_Work instructions_
Below is a set of records. Repeat them verbatim without the pictures.
[Record extracts — start]
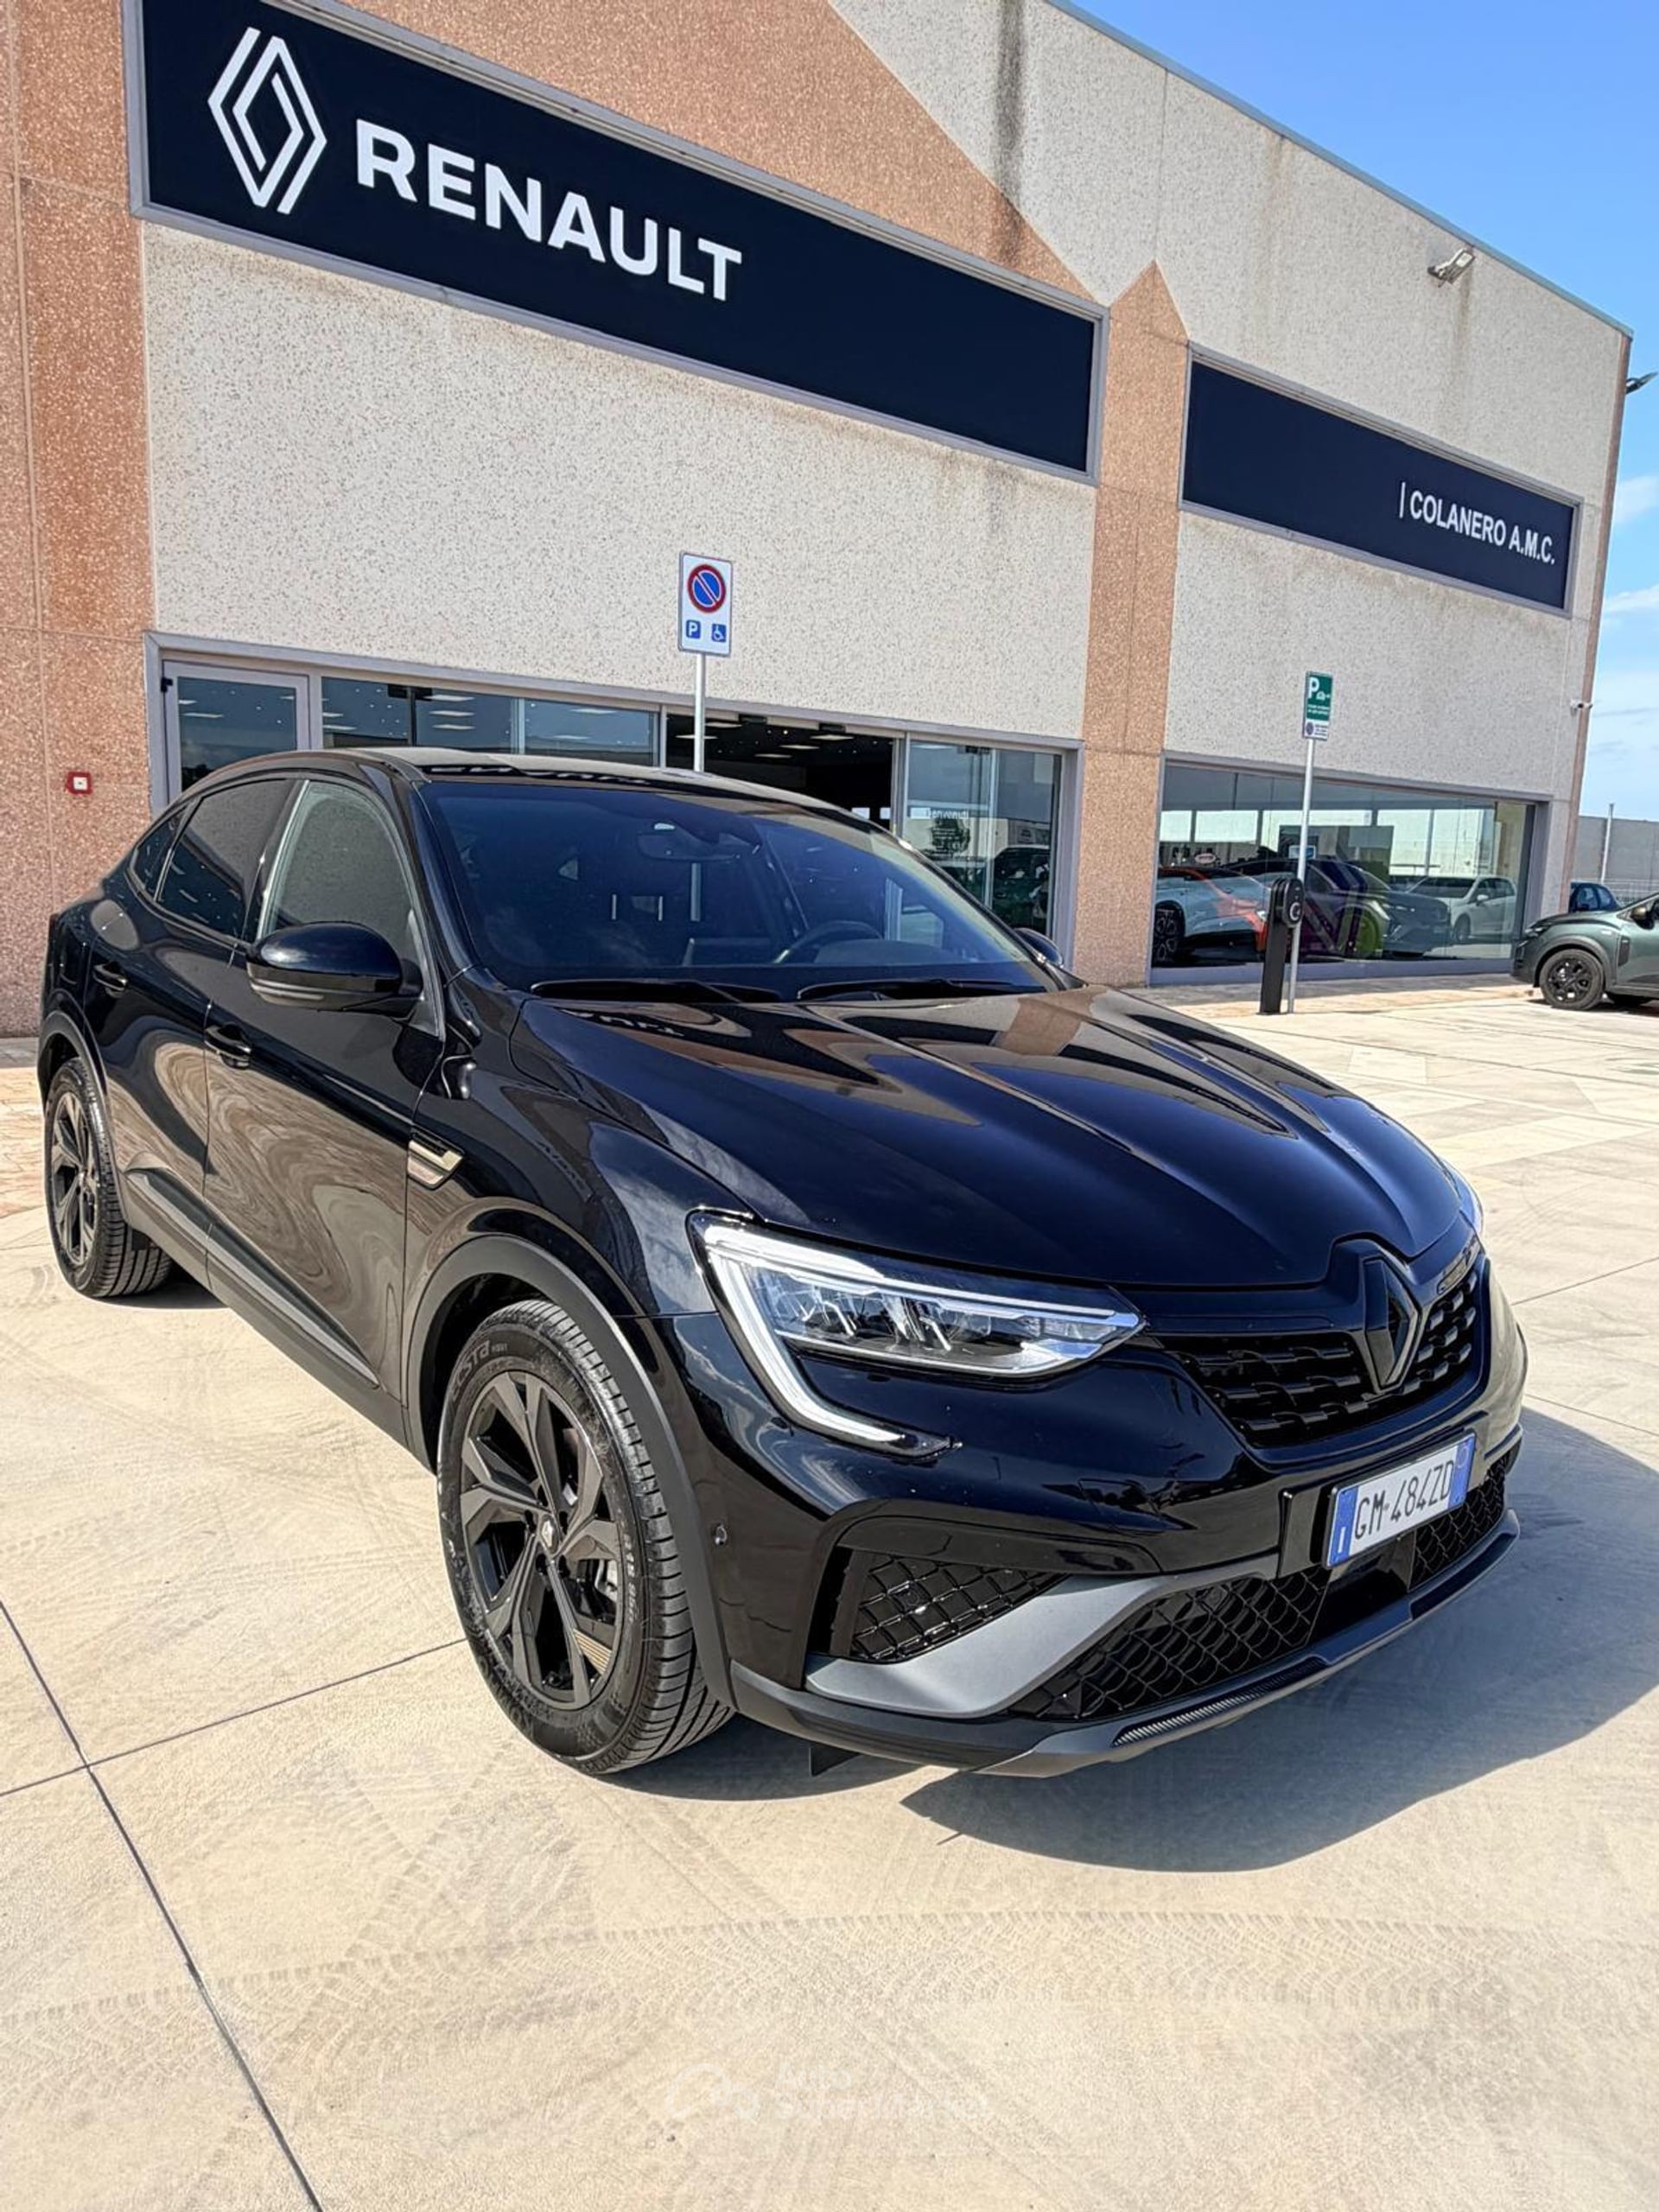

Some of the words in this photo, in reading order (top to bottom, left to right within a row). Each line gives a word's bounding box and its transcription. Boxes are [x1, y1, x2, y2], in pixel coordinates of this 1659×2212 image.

[356, 118, 742, 302] RENAULT
[1409, 490, 1507, 547] COLANERO
[1508, 524, 1555, 565] A.M.C.
[1308, 677, 1320, 699] P
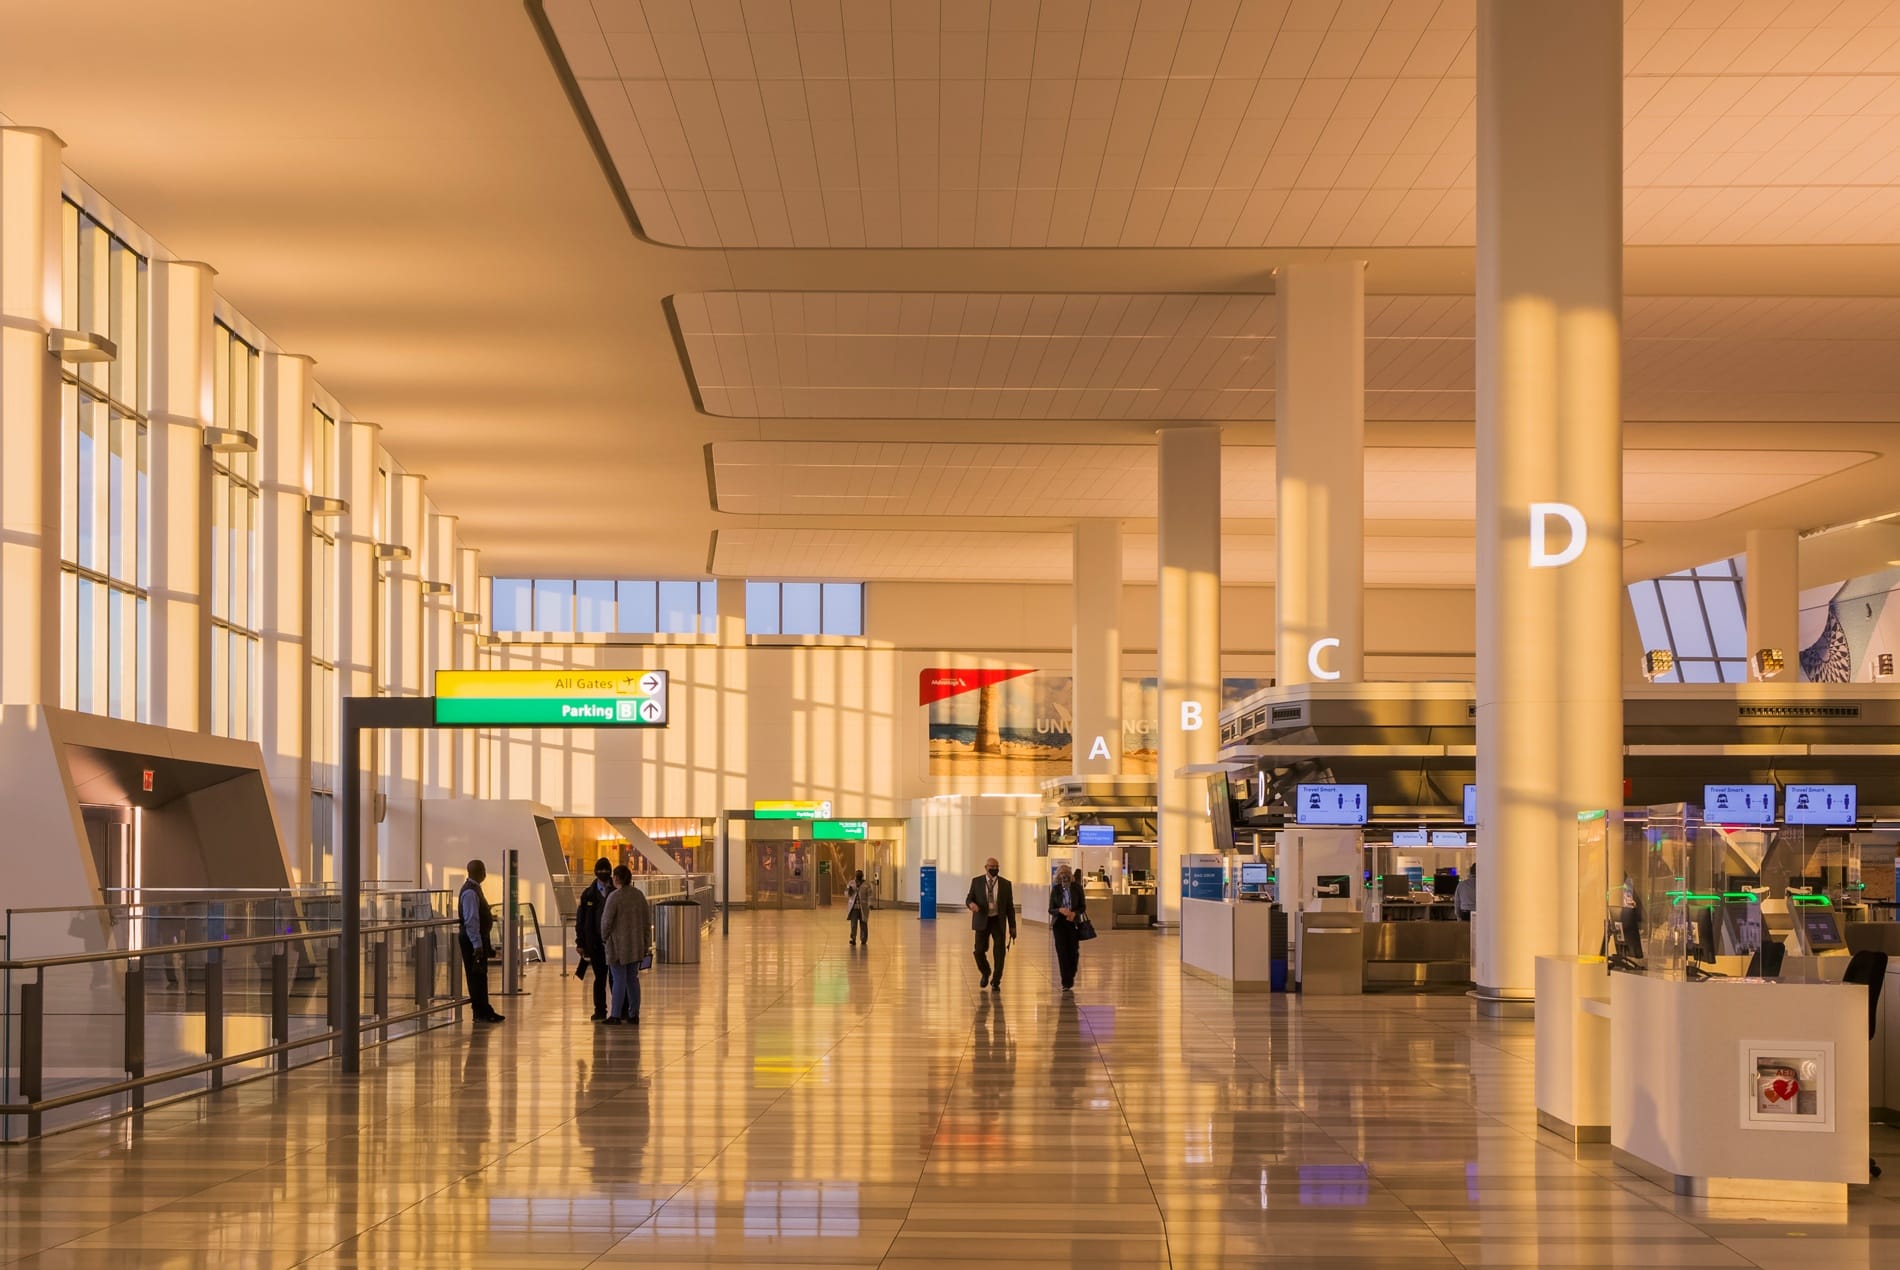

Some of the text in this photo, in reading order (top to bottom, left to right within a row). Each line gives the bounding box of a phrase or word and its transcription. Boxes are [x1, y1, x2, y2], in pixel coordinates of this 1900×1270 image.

[1528, 502, 1588, 569] D
[1307, 637, 1341, 680] C
[555, 678, 613, 689] All Gates
[561, 703, 632, 720] Parking B
[1180, 700, 1204, 731] B
[1087, 735, 1112, 760] A
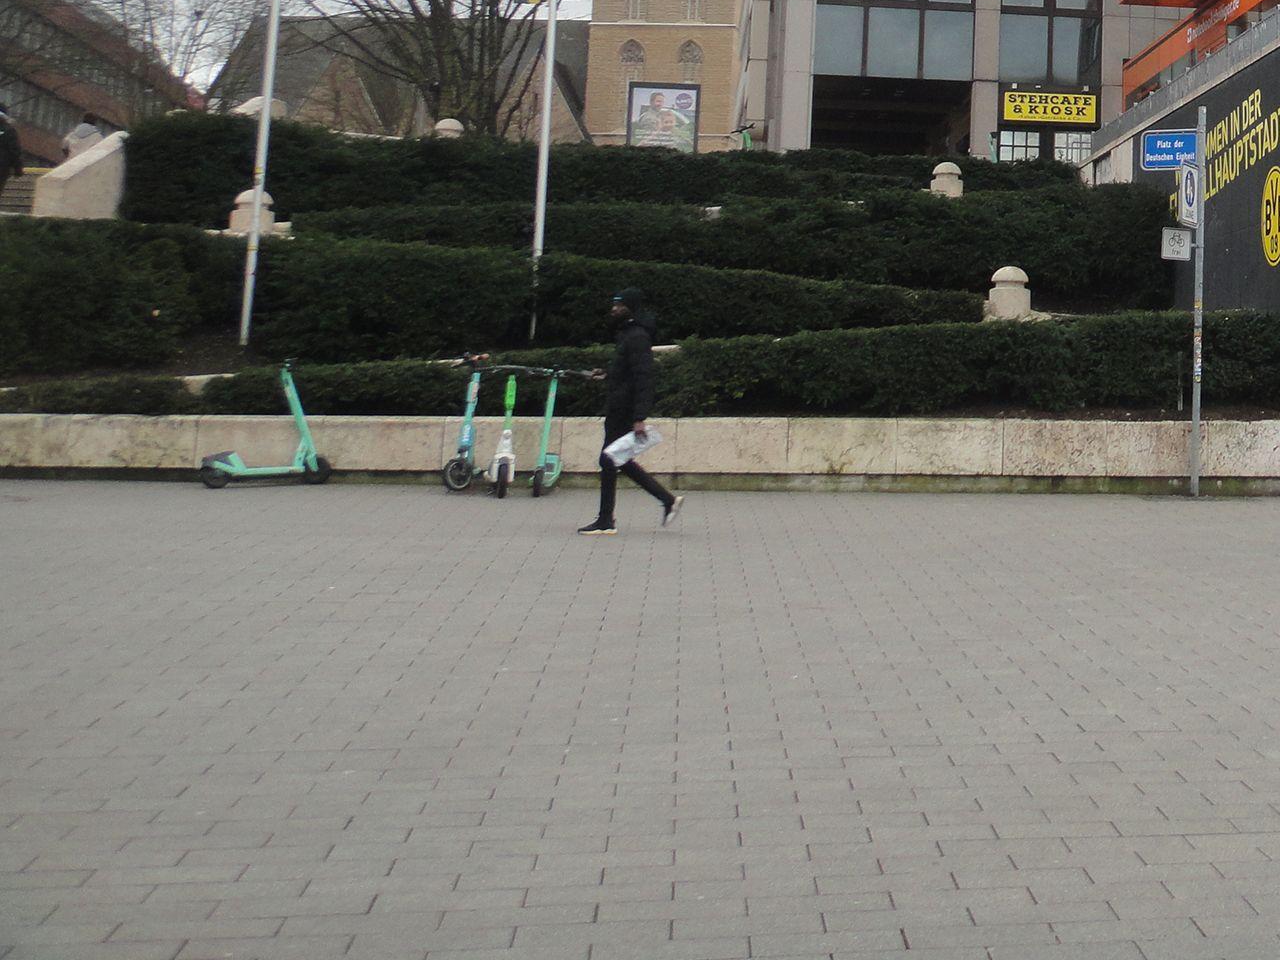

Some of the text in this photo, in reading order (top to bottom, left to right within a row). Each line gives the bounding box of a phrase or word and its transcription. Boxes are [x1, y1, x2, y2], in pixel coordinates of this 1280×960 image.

[1008, 93, 1092, 106] STEHCAFE
[1013, 104, 1086, 116] & KIOSK
[1230, 106, 1240, 139] IN
[1242, 88, 1262, 130] DER
[1156, 139, 1184, 149] Platz der
[1145, 152, 1195, 162] Deutschen Einheit
[1270, 235, 1278, 254] 09
[Record extracts — finish]
_Written response_
Some of the words in this photo, in reading order (top to bottom, left to right within a row). Each line gives a word's bounding box and its transcription. Boxes are [x1, y1, x2, y2], in pixel coordinates of this 1659×2212 image.

[356, 118, 742, 302] RENAULT
[1409, 490, 1507, 547] COLANERO
[1508, 524, 1555, 565] A.M.C.
[1308, 677, 1320, 699] P

Some of the text in this photo, in reading order (top to bottom, left to right within a row). Each line gives the bounding box of a phrase or word and its transcription. Boxes are [x1, y1, x2, y2], in pixel coordinates of this 1900×1270 image.

[1528, 502, 1588, 569] D
[1307, 637, 1341, 680] C
[555, 678, 613, 689] All Gates
[561, 703, 632, 720] Parking B
[1180, 700, 1204, 731] B
[1087, 735, 1112, 760] A

Some of the text in this photo, in reading order (top to bottom, left to right within a row). Each line gives the bounding box of a phrase or word and its transcription. Boxes are [x1, y1, x2, y2], in pixel coordinates of this 1280×960 image.

[1008, 93, 1092, 106] STEHCAFE
[1013, 104, 1086, 116] & KIOSK
[1230, 106, 1240, 139] IN
[1242, 88, 1262, 130] DER
[1156, 139, 1184, 149] Platz der
[1145, 152, 1195, 162] Deutschen Einheit
[1270, 235, 1278, 254] 09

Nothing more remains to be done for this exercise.